SEC sets guidelines for purging idle firms
MANILA, Philippines — The Securities and Exchange Commission (SEC), the corporate regulator, is tightening regulations for corporations that are not compliant with the necessary reportorial requirements.
Thus, the SEC released new guidelines on how non-compliant corporations would be placed under delinquent status and how inactive corporations’ certificates of registration, would be considered revoked.
SEC chairperson Emilio Aquino said the move is part of the regulator’s efforts to ensure the integrity of the corporate sector and champion good corporate governance.
“We will strictly enforce the reportorial requirements of corporations provided under the Revised Corporation Code and other pertinent laws, rules and regulations,” Aquino said.
He reminded companies that they are required to submit their annual financial statements, general information sheet, official contact details and other reports.
“Among others, the pieces of information contained in these reports ensure transparency and accountability in a corporation’s dealings for the benefit of its stakeholders, particularly the investors, consumers and employees,” Aquino said.
The new guidelines are embodied in SEC Memorandum Circular 19, Series of 2023, providing the Guidelines on Declaration of Delinquent Status and Revocation of Certificate of Registration of Corporations under Sections 21 and 177 of the Revised Corporation Code.

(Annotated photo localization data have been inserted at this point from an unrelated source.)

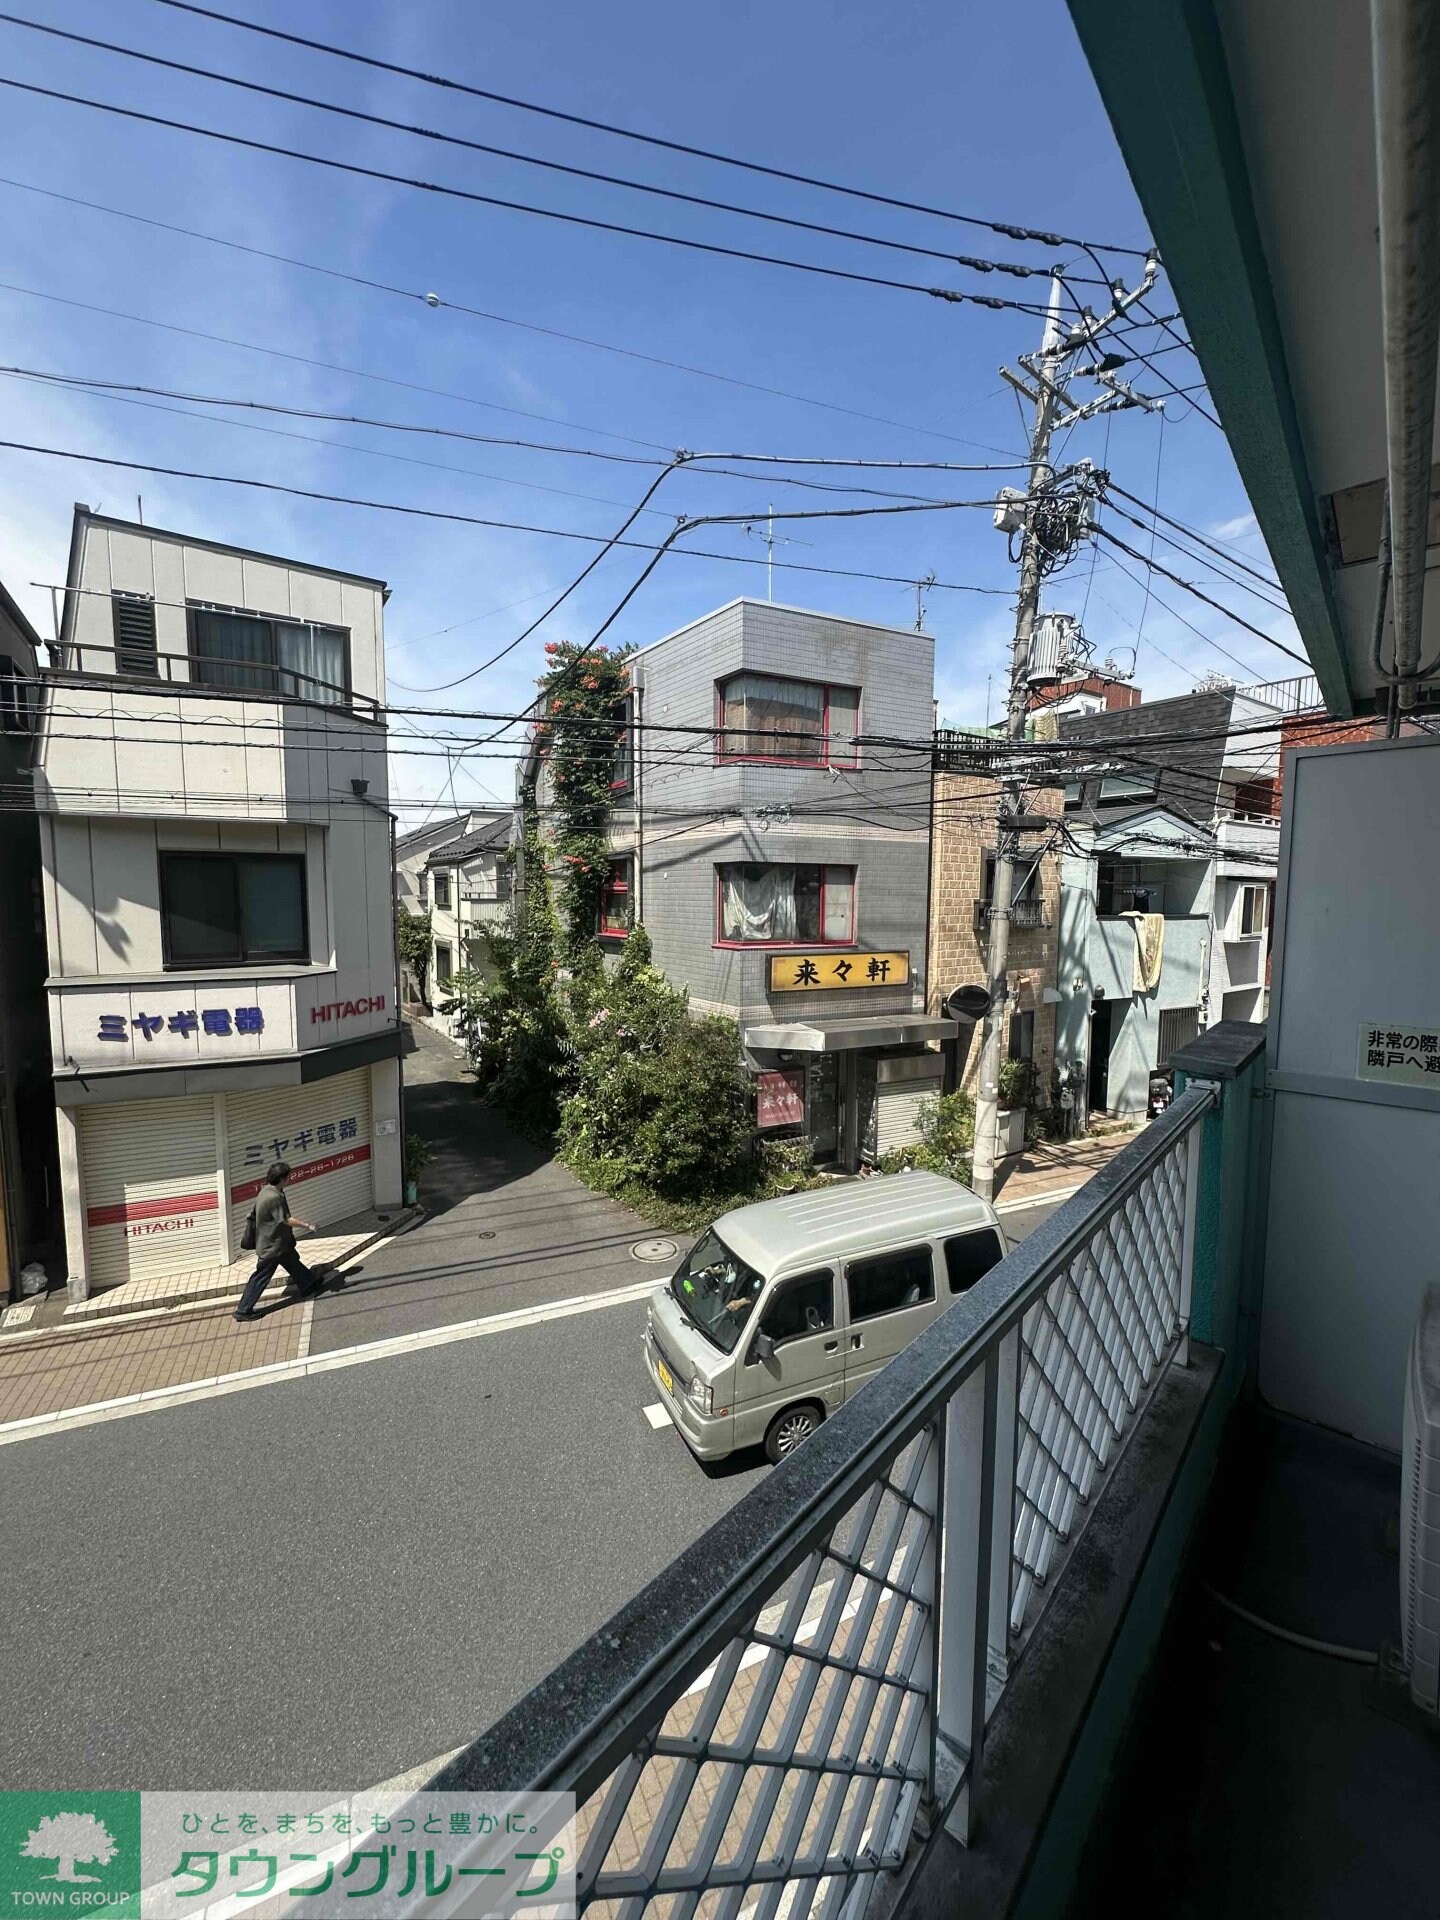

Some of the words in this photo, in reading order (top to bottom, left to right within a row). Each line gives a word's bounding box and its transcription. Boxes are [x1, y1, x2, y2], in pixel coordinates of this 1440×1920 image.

[792, 957, 891, 986] 来々軒
[97, 1006, 264, 1042] ミヤギ電器
[311, 995, 386, 1024] HITACHI
[1367, 1030, 1440, 1053] 非常の際
[243, 1117, 358, 1166] ミヤギ電器
[124, 1218, 194, 1237] HITACHI

The guidelines apply to corporations which have failed to formally organize and commence their business within five years from the date of their incorporation as well as to those which have commenced operations but became inoperative for at least five consecutive years.
According to the SEC, the certificate of incorporation of a corporation that does not formally organize and commence its business within five years from incorporation shall be deemed revoked.

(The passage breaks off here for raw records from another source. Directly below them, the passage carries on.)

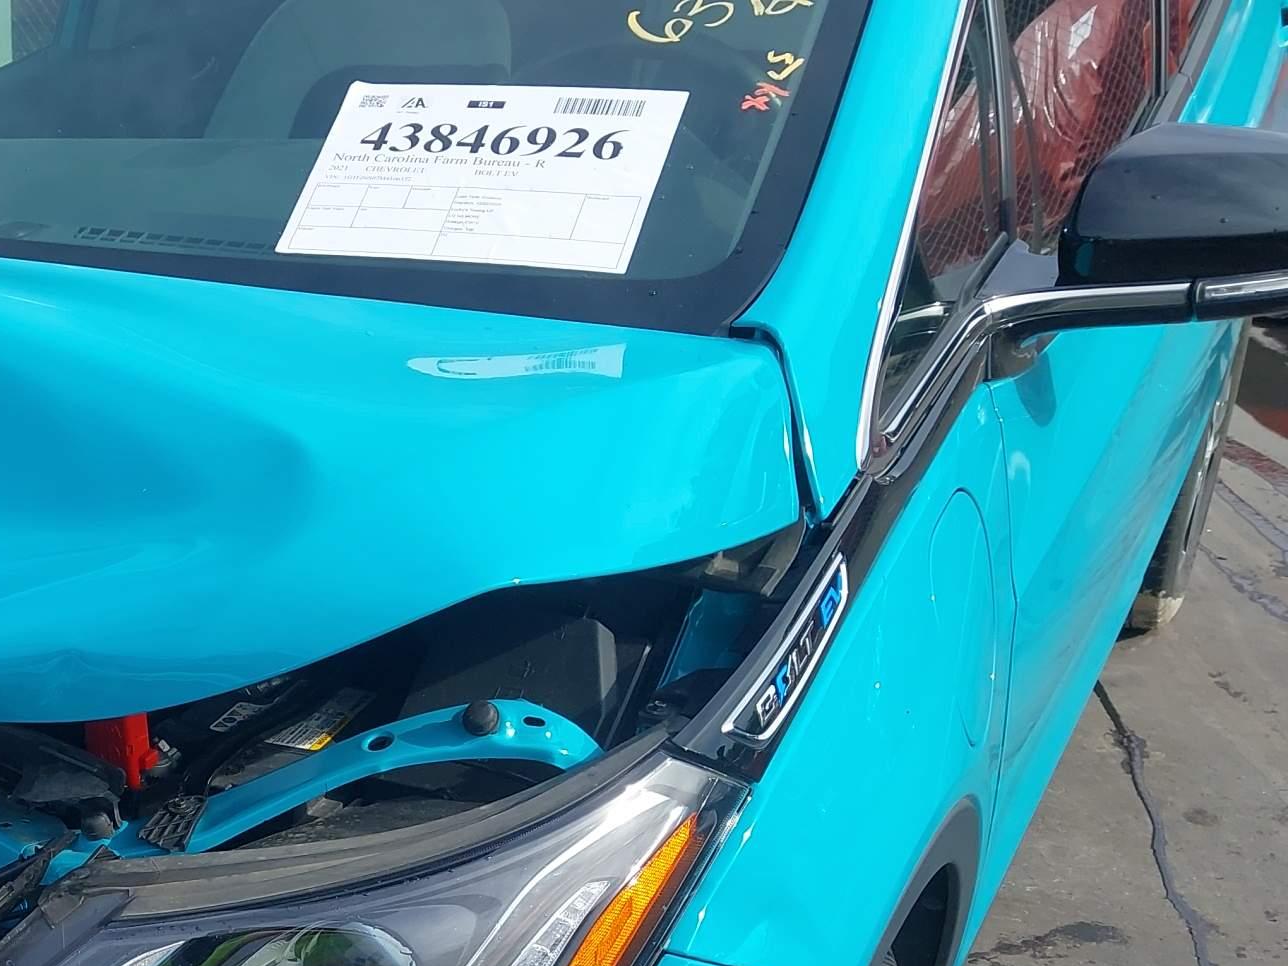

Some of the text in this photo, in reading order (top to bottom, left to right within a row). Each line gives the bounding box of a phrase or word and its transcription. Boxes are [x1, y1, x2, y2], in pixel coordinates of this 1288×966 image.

[360, 122, 631, 160] 43846926
[333, 153, 370, 163] North
[374, 154, 430, 164] Carolina
[434, 155, 468, 165] Farm
[472, 156, 520, 167] Bureau
[534, 159, 546, 168] R
[365, 165, 425, 173] CHEVROLET
[756, 620, 816, 727] BOLT

Likewise, corporations which have failed to file their reportorial requirements three times, consecutively or intermittently, within any five-year period are considered delinquent.
The SEC shall issue a show cause order to these corporations, directing them to appear before the Commission to explain why they should not be placed under delinquent status.

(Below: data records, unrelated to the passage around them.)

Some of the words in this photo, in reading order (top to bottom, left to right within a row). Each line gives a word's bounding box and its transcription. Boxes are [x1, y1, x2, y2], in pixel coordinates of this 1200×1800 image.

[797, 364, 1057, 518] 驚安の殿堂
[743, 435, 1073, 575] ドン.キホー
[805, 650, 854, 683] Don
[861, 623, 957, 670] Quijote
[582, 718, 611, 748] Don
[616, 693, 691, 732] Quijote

The SEC earlier said that 22,403 ordinary corporations are at risk of having their certificates of incorporation revoked for failure to submit their general information sheets within five years from the date of their incorporation.
Under the Revised Corporation Code, a corporation that does not formally organize and commence its business within five years from the date of its incorporation shall have its Certificate of Incorporation be deemed revoked as of the day following the end of the five-year period.
The SEC also previously released a list of 298,335 corporations, which have failed to submit their GIS intermittently within a five-year period.
These corporations are at risk of falling under delinquent status as provided under the Revised Corporation Code.
To give non-compliant and inactive corporations a chance to bring their company back to good standing, the SEC has launched an amnesty program for those who have failed to comply with their reportorial requirements over the years.